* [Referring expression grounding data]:
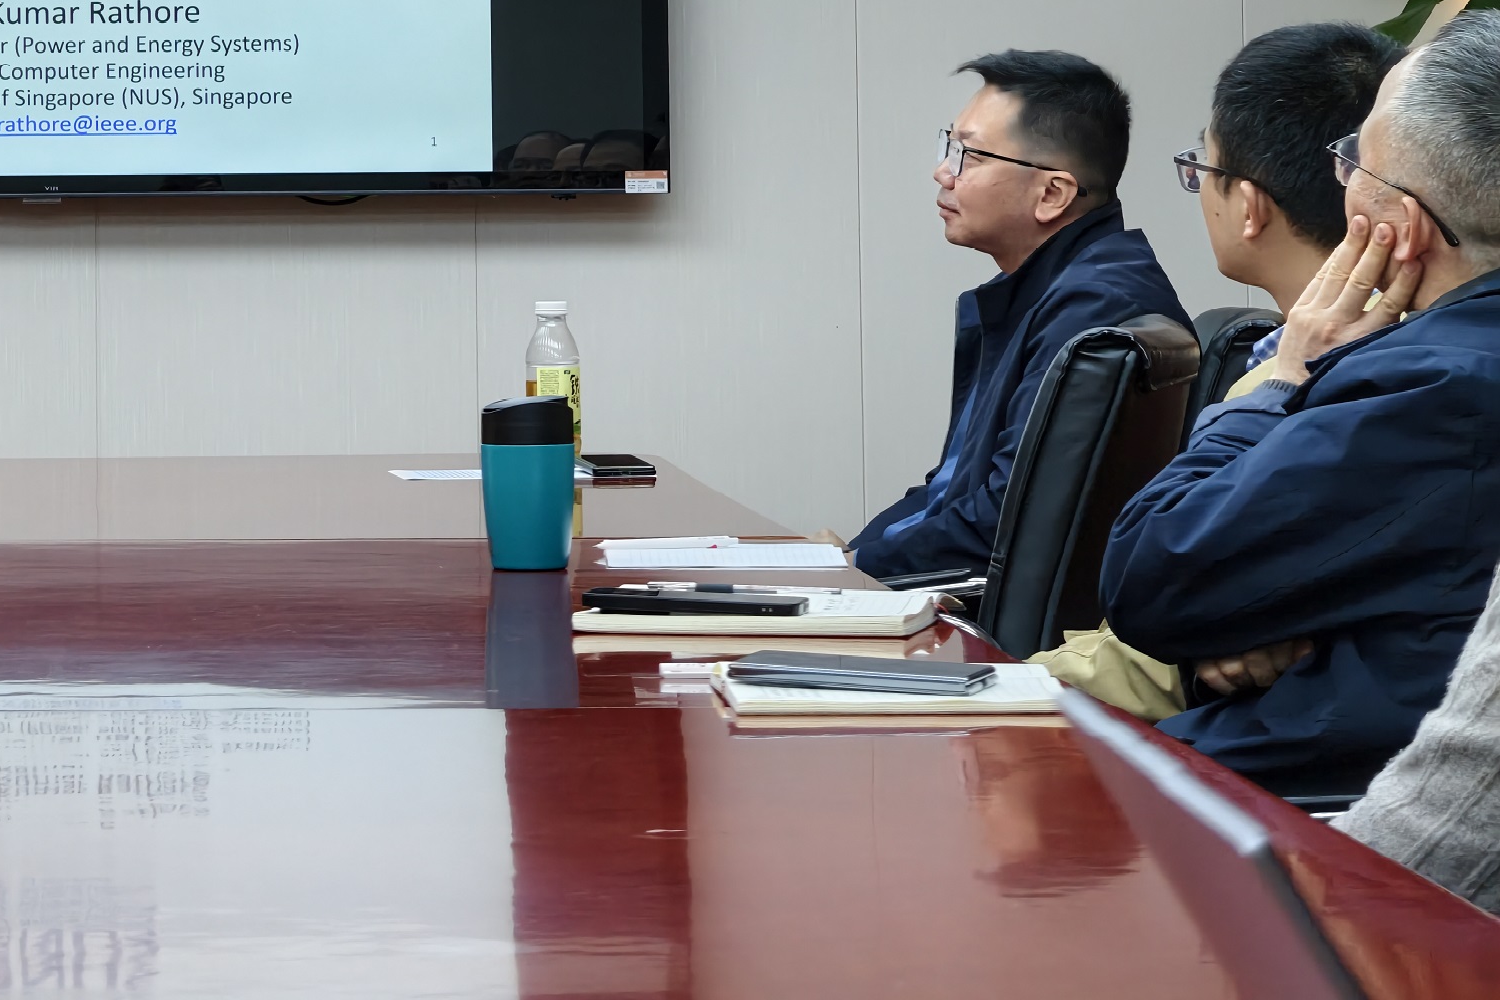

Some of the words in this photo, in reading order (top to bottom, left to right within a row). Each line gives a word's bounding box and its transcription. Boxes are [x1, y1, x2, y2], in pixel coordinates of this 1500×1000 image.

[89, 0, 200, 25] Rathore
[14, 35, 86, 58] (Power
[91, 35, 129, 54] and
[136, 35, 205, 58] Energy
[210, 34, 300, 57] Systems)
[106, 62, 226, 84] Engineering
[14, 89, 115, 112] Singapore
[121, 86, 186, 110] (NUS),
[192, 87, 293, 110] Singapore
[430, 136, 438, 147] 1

* [Task instructions]:
All records must be output exactly as they are, except for the pictures, which are left out.

* [Task result]:
Some of the words in this photo, in reading order (top to bottom, left to right within a row). Each line gives a word's bounding box and its transcription. Boxes are [x1, y1, x2, y2], in pixel coordinates of this 1500×1000 image.

[89, 0, 200, 25] Rathore
[14, 35, 86, 58] (Power
[91, 35, 129, 54] and
[136, 35, 205, 58] Energy
[210, 34, 300, 57] Systems)
[106, 62, 226, 84] Engineering
[14, 89, 115, 112] Singapore
[121, 86, 186, 110] (NUS),
[192, 87, 293, 110] Singapore
[430, 136, 438, 147] 1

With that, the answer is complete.